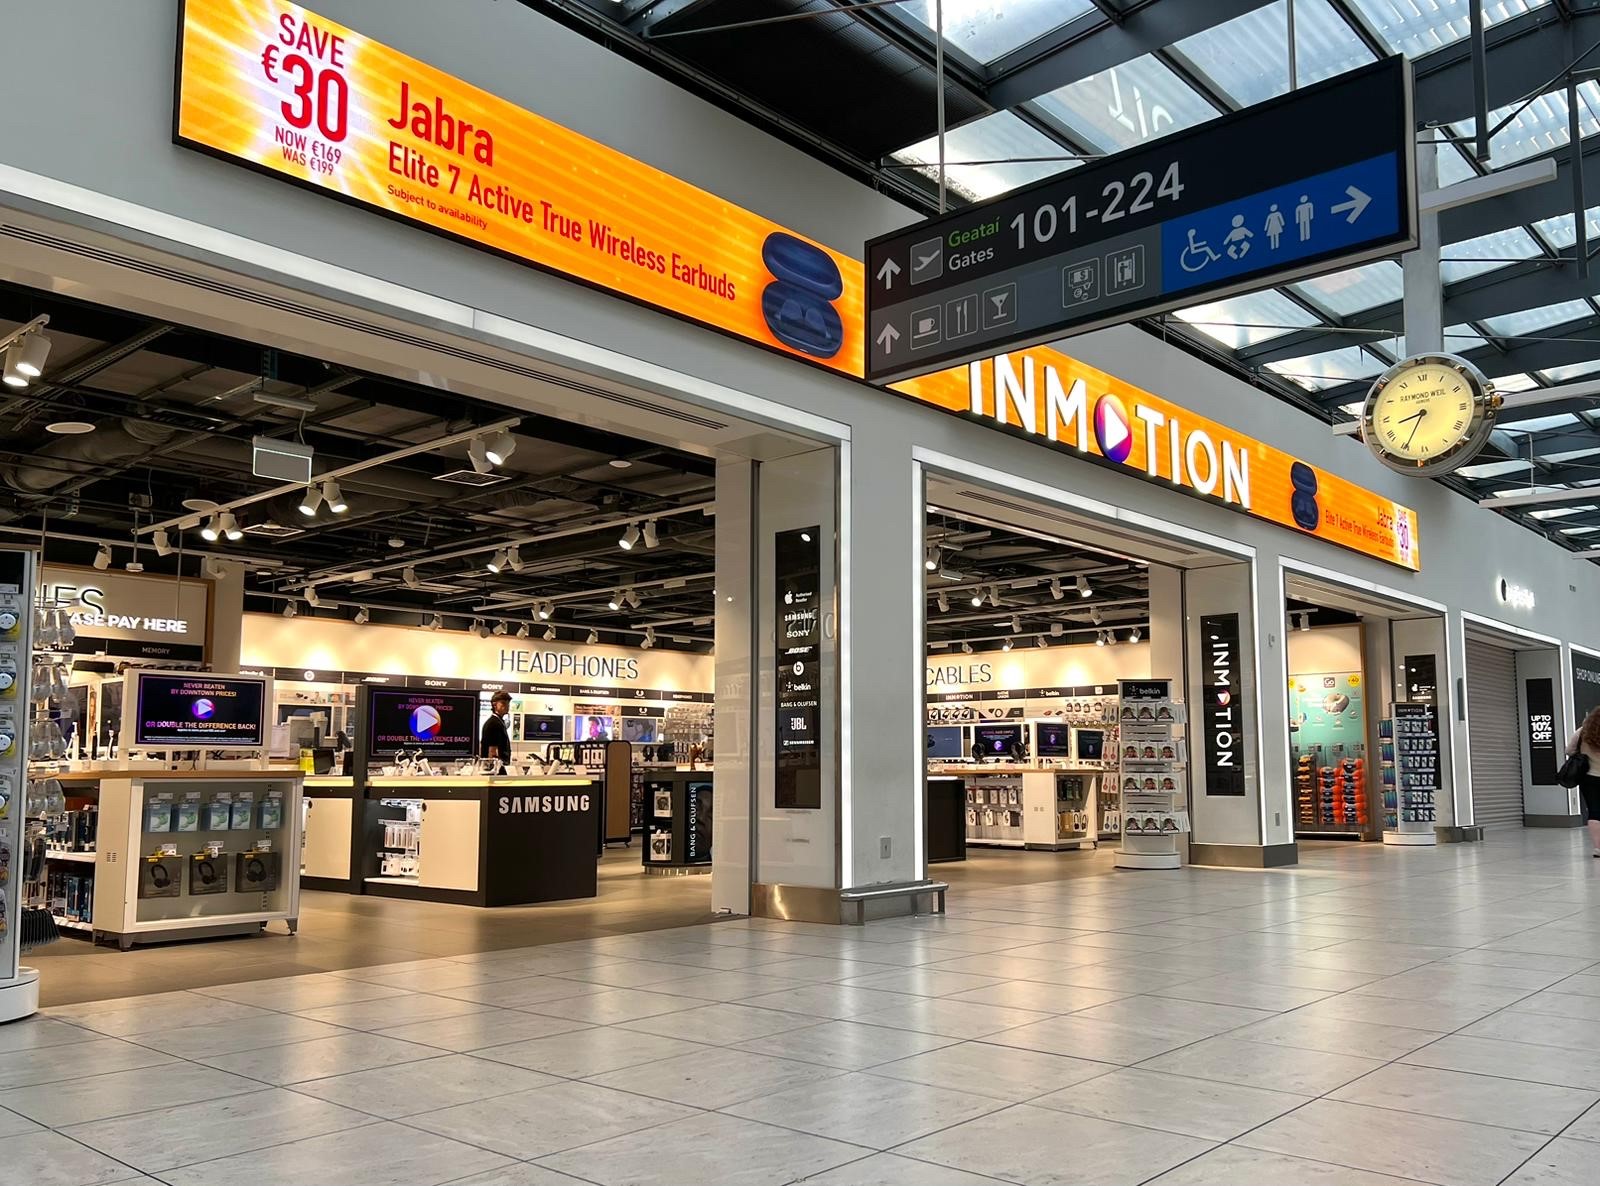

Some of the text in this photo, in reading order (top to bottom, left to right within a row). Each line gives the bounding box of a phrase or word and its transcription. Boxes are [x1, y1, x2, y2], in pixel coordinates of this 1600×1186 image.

[279, 13, 345, 69] SAVE
[261, 43, 348, 143] €30
[387, 80, 494, 167] Jabra
[275, 126, 342, 165] NOW €169
[282, 147, 334, 176] WAS €199
[387, 183, 488, 231] Subject to availability
[1010, 160, 1185, 250] 101-224
[388, 140, 736, 301] Elite 7 Active True Wireless Earbuds
[948, 215, 1000, 248] Geataí
[949, 246, 994, 272] Gates
[107, 613, 140, 631] PAY
[143, 617, 188, 634] HERE
[786, 629, 810, 638] SONY
[500, 649, 639, 681] HEADPHONES
[424, 679, 448, 687] SONY
[793, 682, 811, 691] belkin
[1139, 687, 1161, 695] belkin
[790, 717, 807, 731] JBL
[1530, 721, 1552, 731] 10%
[1532, 731, 1552, 740] OFF
[498, 794, 590, 814] SAMSUNG
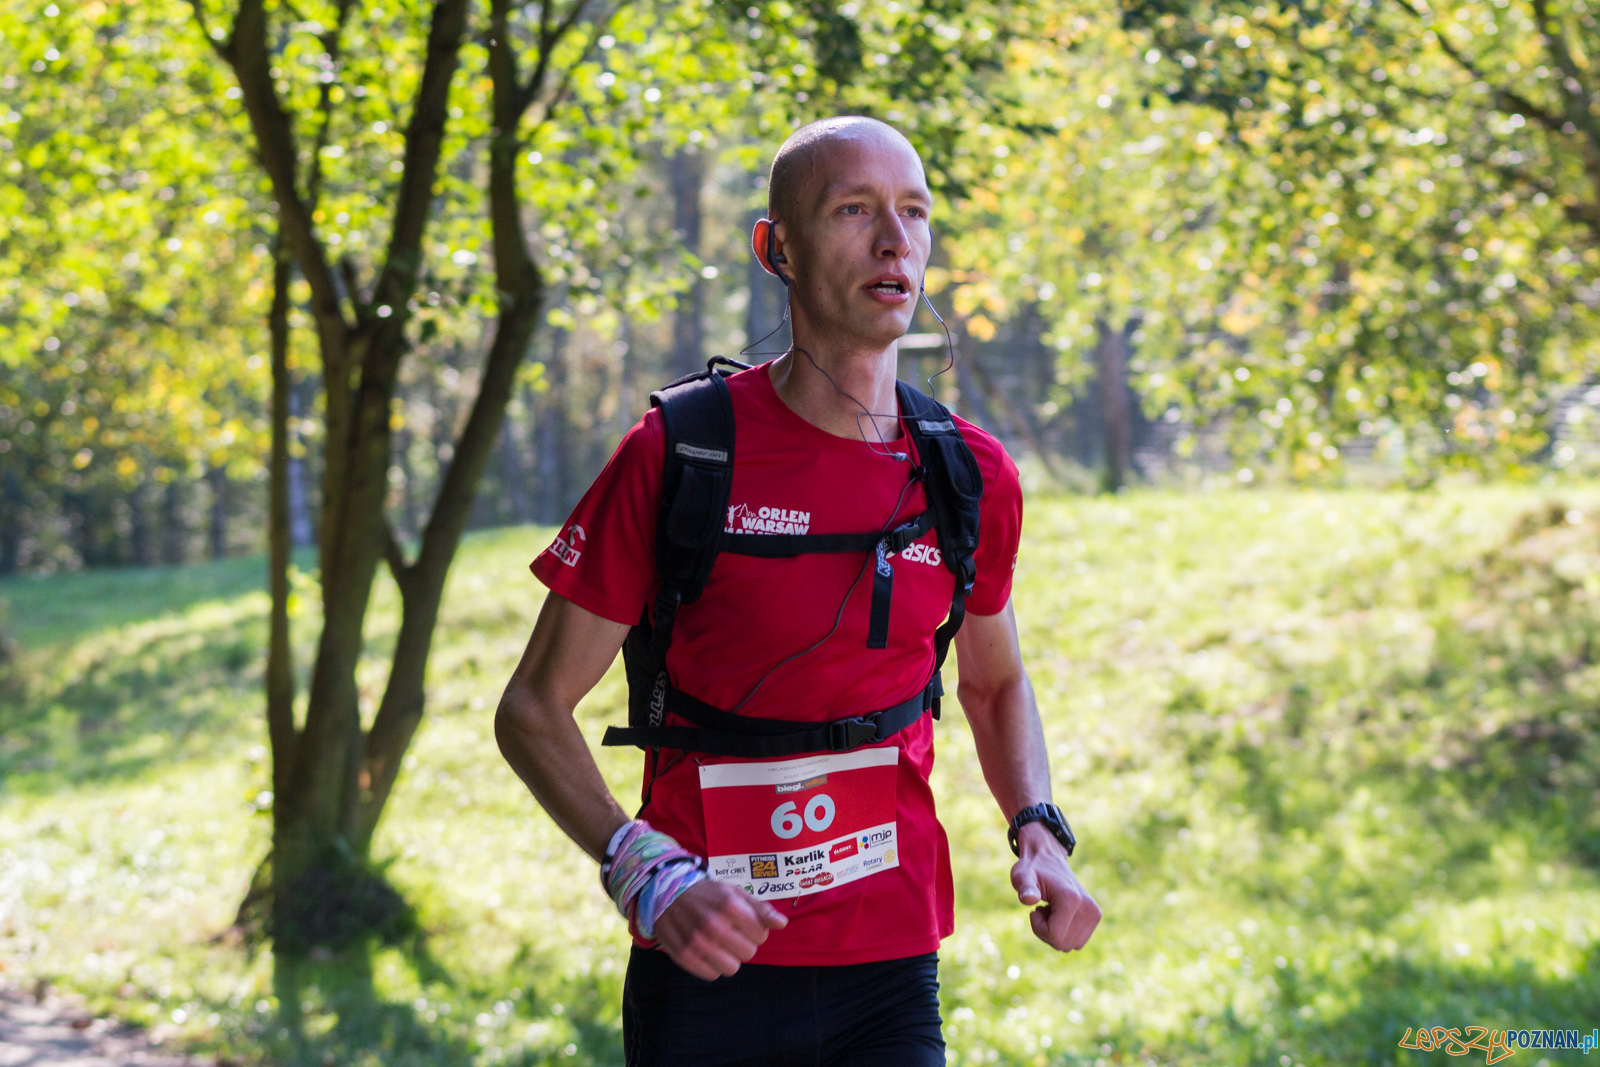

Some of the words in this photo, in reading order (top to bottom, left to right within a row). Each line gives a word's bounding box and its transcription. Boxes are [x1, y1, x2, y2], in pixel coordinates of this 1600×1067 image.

[680, 446, 708, 457] power
[758, 506, 811, 524] ORLEN
[741, 517, 810, 536] WARSAW
[771, 794, 835, 839] 60
[871, 830, 892, 841] mjp
[784, 850, 825, 866] Karlik
[863, 857, 883, 868] Rotary
[752, 861, 777, 871] 24
[785, 863, 823, 877] POLAR
[753, 870, 778, 878] SEVEN

→ **WORK REQUIRED**:
Leave the pictures out and reproduce each record exactly as written.

→ **OUTPUT FOR THIS EXERCISE**:
Some of the text in this photo, in reading order (top to bottom, left to right within a row). Each line gives the bounding box of a phrase or word and its transcription. Boxes are [x1, y1, x2, y2], in pixel coordinates of this 1600×1186 image.

[279, 13, 345, 69] SAVE
[261, 43, 348, 143] €30
[387, 80, 494, 167] Jabra
[275, 126, 342, 165] NOW €169
[282, 147, 334, 176] WAS €199
[387, 183, 488, 231] Subject to availability
[1010, 160, 1185, 250] 101-224
[388, 140, 736, 301] Elite 7 Active True Wireless Earbuds
[948, 215, 1000, 248] Geataí
[949, 246, 994, 272] Gates
[107, 613, 140, 631] PAY
[143, 617, 188, 634] HERE
[786, 629, 810, 638] SONY
[500, 649, 639, 681] HEADPHONES
[424, 679, 448, 687] SONY
[793, 682, 811, 691] belkin
[1139, 687, 1161, 695] belkin
[790, 717, 807, 731] JBL
[1530, 721, 1552, 731] 10%
[1532, 731, 1552, 740] OFF
[498, 794, 590, 814] SAMSUNG

Some of the words in this photo, in reading order (top to bottom, left to right within a row). Each line gives a word's bounding box and its transcription. Boxes are [x1, y1, x2, y2], in pixel coordinates of this 1600×1067 image.

[680, 446, 708, 457] power
[758, 506, 811, 524] ORLEN
[741, 517, 810, 536] WARSAW
[771, 794, 835, 839] 60
[871, 830, 892, 841] mjp
[784, 850, 825, 866] Karlik
[863, 857, 883, 868] Rotary
[752, 861, 777, 871] 24
[785, 863, 823, 877] POLAR
[753, 870, 778, 878] SEVEN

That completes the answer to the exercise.